Filter the entries down to the lines holding "STOKE", then copy those lines.

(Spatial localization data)
───

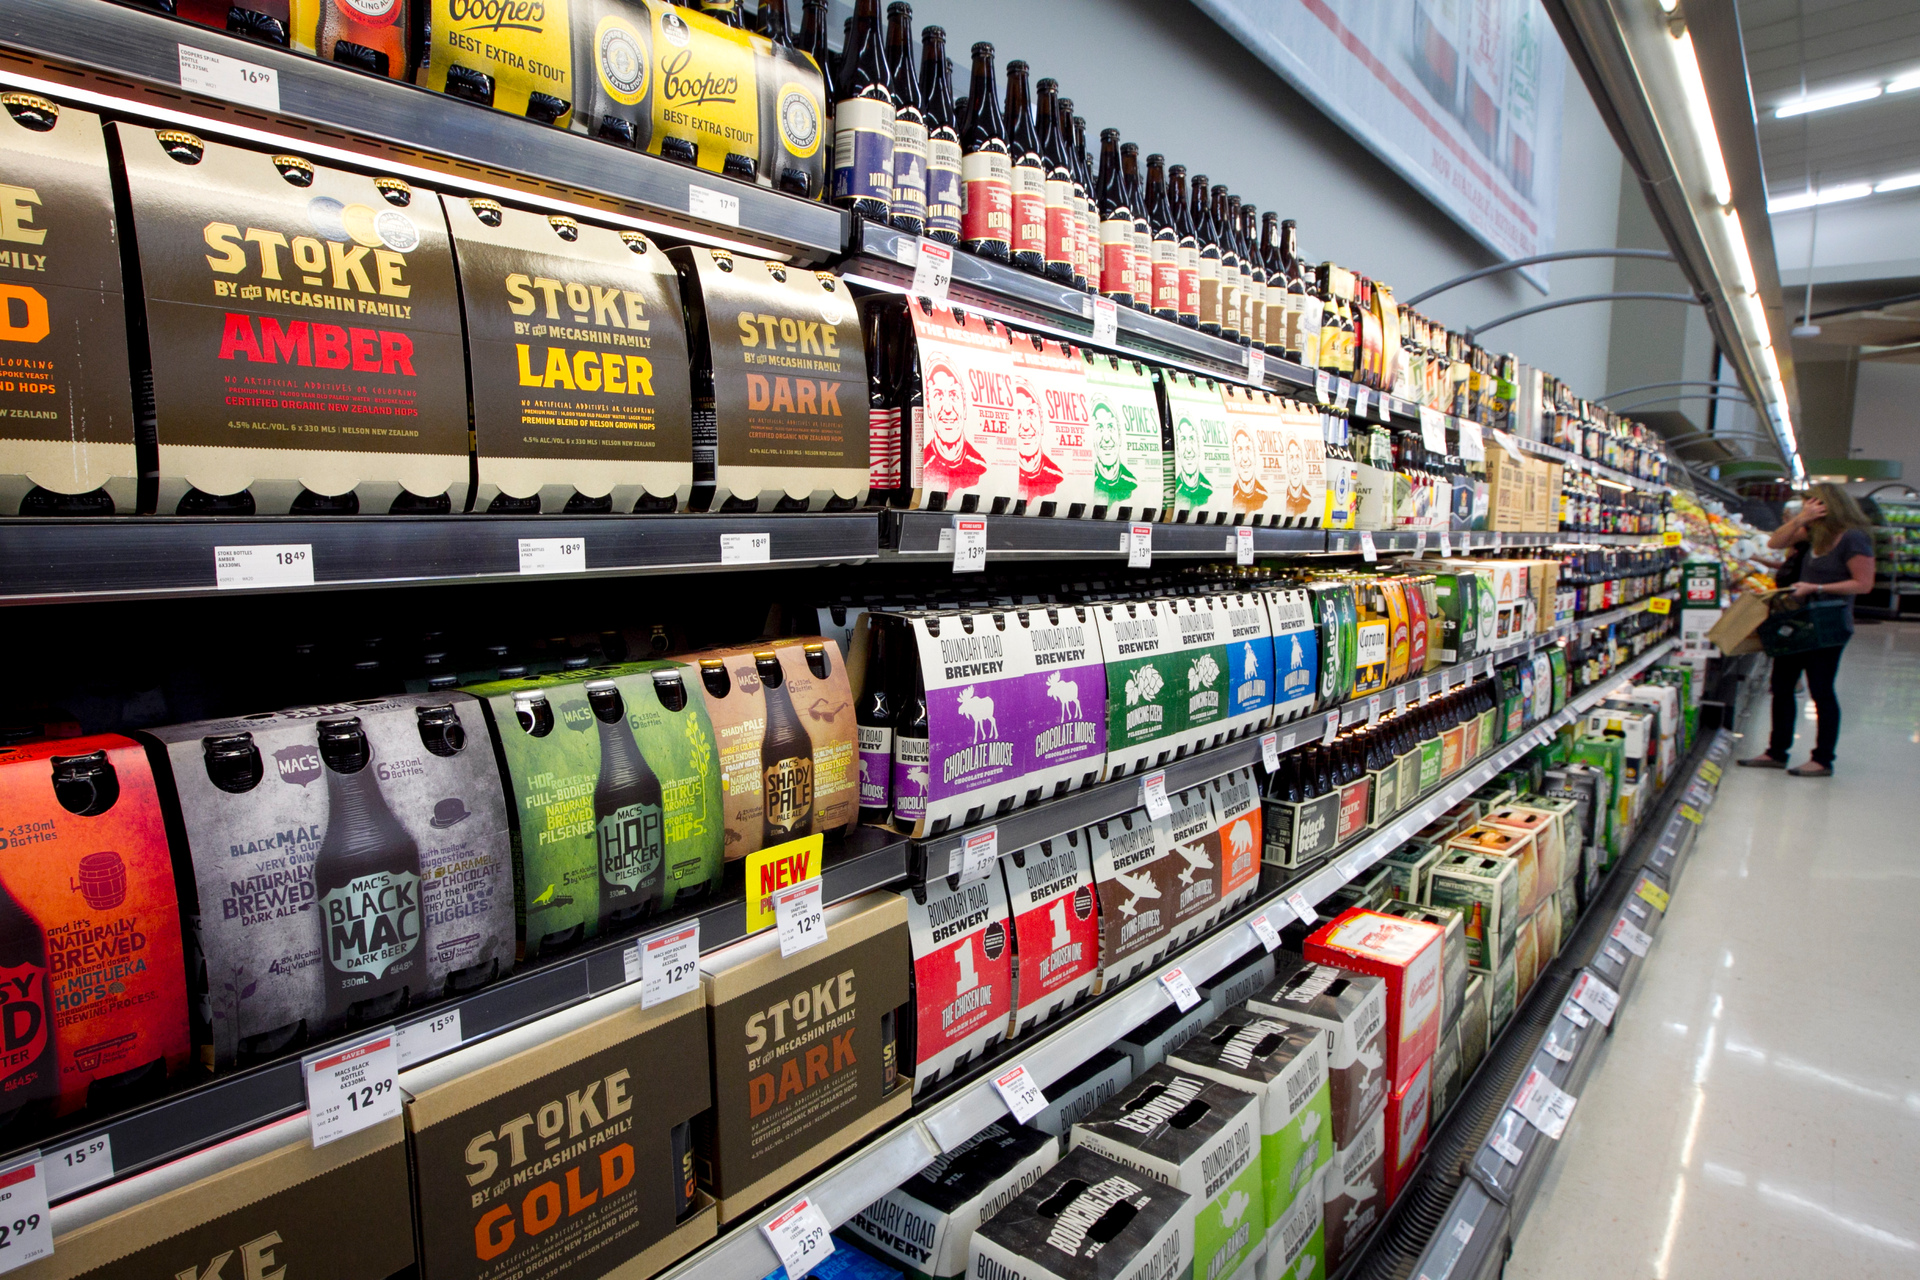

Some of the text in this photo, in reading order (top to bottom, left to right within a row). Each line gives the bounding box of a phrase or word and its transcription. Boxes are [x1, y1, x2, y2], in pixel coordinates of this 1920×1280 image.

[181, 50, 202, 59] COOPERS
[181, 56, 198, 64] BOTTLE
[450, 31, 565, 83] BEST EXTRA STOUT
[661, 50, 738, 106] Coopers
[663, 109, 753, 144] BEST EXTRA STOUT
[203, 221, 412, 298] STOKE
[505, 273, 650, 331] STOKE
[218, 312, 417, 376] AMBER
[738, 311, 840, 358] STOKE
[917, 321, 1010, 350] THE RESIDENT
[515, 343, 655, 396] LAGER
[19, 381, 56, 394] HOPS
[746, 373, 842, 416] DARK
[969, 367, 1014, 408] SPIKE'S
[10, 409, 57, 420] ZEALAND
[225, 396, 418, 416] CERTIFIED ORGANIC NEW ZEALAND HOPS
[979, 409, 1010, 420] RED RYE
[1045, 389, 1089, 423] SPIKE'S
[228, 421, 250, 429] 4.5%
[291, 423, 296, 431] 6
[304, 424, 319, 432] 330
[321, 425, 336, 433] MLS
[342, 426, 370, 435] NELSON
[372, 428, 387, 436] NEW
[389, 428, 419, 437] ZEALAND
[522, 416, 555, 425] PREMIUM
[556, 418, 578, 426] BLEND
[580, 419, 588, 427] OF
[590, 420, 614, 428] NELSON
[982, 418, 1008, 434] ALE
[1055, 426, 1085, 435] RED RYE
[1121, 404, 1158, 435] SPIKE'S
[1200, 418, 1229, 445] SPIKE'S
[1058, 432, 1083, 447] ALE
[1127, 441, 1160, 452] PILSNER
[1204, 452, 1230, 462] PILSNER
[1690, 591, 1712, 599] 25
[1232, 625, 1261, 637] BREWERY
[1280, 619, 1306, 630] BREWERY
[940, 634, 1003, 665] BOUNDARY ROAD
[1030, 626, 1085, 652] BOUNDARY ROAD
[1118, 639, 1159, 655] BREWERY
[1182, 632, 1215, 644] BREWERY
[1322, 599, 1340, 698] Carlsberg
[1360, 629, 1384, 652] Corona
[945, 660, 1004, 680] BREWERY
[1035, 649, 1086, 666] BREWERY
[563, 707, 592, 723] MAC'S
[1035, 721, 1096, 758] CHOCOLATE MOOSE
[278, 753, 320, 776] MAC'S
[779, 759, 799, 770] MAC'S
[943, 742, 1014, 784] CHOCOLATE MOOSE
[768, 765, 809, 793] SHADY
[526, 782, 594, 809] FULL-BODIED
[546, 796, 593, 817] NATURALLY
[768, 784, 810, 817] PALE
[547, 807, 593, 831] BREWED
[617, 807, 642, 820] MAC'S
[1224, 800, 1251, 819] BREWERY
[1340, 816, 1349, 825] RED
[1341, 801, 1360, 817] CELTIC
[8, 819, 55, 837] x330ml
[539, 821, 595, 846] PILSENER
[604, 813, 658, 858] HOP
[1173, 821, 1208, 843] BREWERY
[1300, 814, 1325, 838] black
[1340, 822, 1351, 832] BEER
[10, 831, 57, 848] Bottles
[1298, 832, 1320, 853] beer
[256, 855, 315, 872] VERY OWN
[605, 843, 659, 874] ROCKER
[1113, 846, 1156, 871] BREWERY
[230, 864, 314, 897] NATURALLY
[352, 874, 391, 894] MAC'S
[443, 863, 502, 888] CHOCOLATE
[615, 863, 651, 881] PILSENER
[760, 850, 810, 896] NEW
[423, 879, 486, 903] and the HOPS
[1030, 872, 1078, 903] BREWERY
[222, 881, 315, 920] BREWED
[329, 882, 416, 925] BLACK
[927, 882, 989, 929] BOUNDARY ROAD
[241, 905, 297, 927] DARK ALE
[425, 899, 493, 928] FUGGLES.
[932, 907, 990, 944] BREWERY
[1049, 898, 1071, 950] 1
[49, 917, 137, 952] NATURALLY
[331, 906, 418, 961] MAC
[664, 936, 680, 945] SAVER
[49, 932, 146, 974] BREWED
[346, 943, 408, 969] DARK BEER
[653, 952, 665, 960] MACS
[665, 948, 673, 956] HOP
[954, 937, 979, 996] 1
[56, 984, 106, 1012] HOPS
[745, 968, 857, 1055] STOKE
[341, 1048, 366, 1062] SAVER
[335, 1061, 370, 1078] MACS BLACK
[341, 1070, 364, 1082] BOTTLES
[748, 1027, 857, 1119] DARK
[340, 1076, 367, 1089] 6X330ML
[1289, 1075, 1321, 1115] BREWERY
[326, 1105, 340, 1114] 15.59
[327, 1115, 339, 1123] 2.60
[465, 1068, 634, 1187] STOKE
[1205, 1149, 1250, 1200] BREWERY
[1344, 1149, 1376, 1184] BREWERY
[474, 1142, 636, 1262] GOLD
[525, 1205, 638, 1275] ORGANIC NEW ZEALAND HOPS
[903, 1211, 936, 1249] ROAD

───

EXERCISE OUTPUT>
[203, 221, 412, 298] STOKE
[505, 273, 650, 331] STOKE
[738, 311, 840, 358] STOKE
[745, 968, 857, 1055] STOKE
[465, 1068, 634, 1187] STOKE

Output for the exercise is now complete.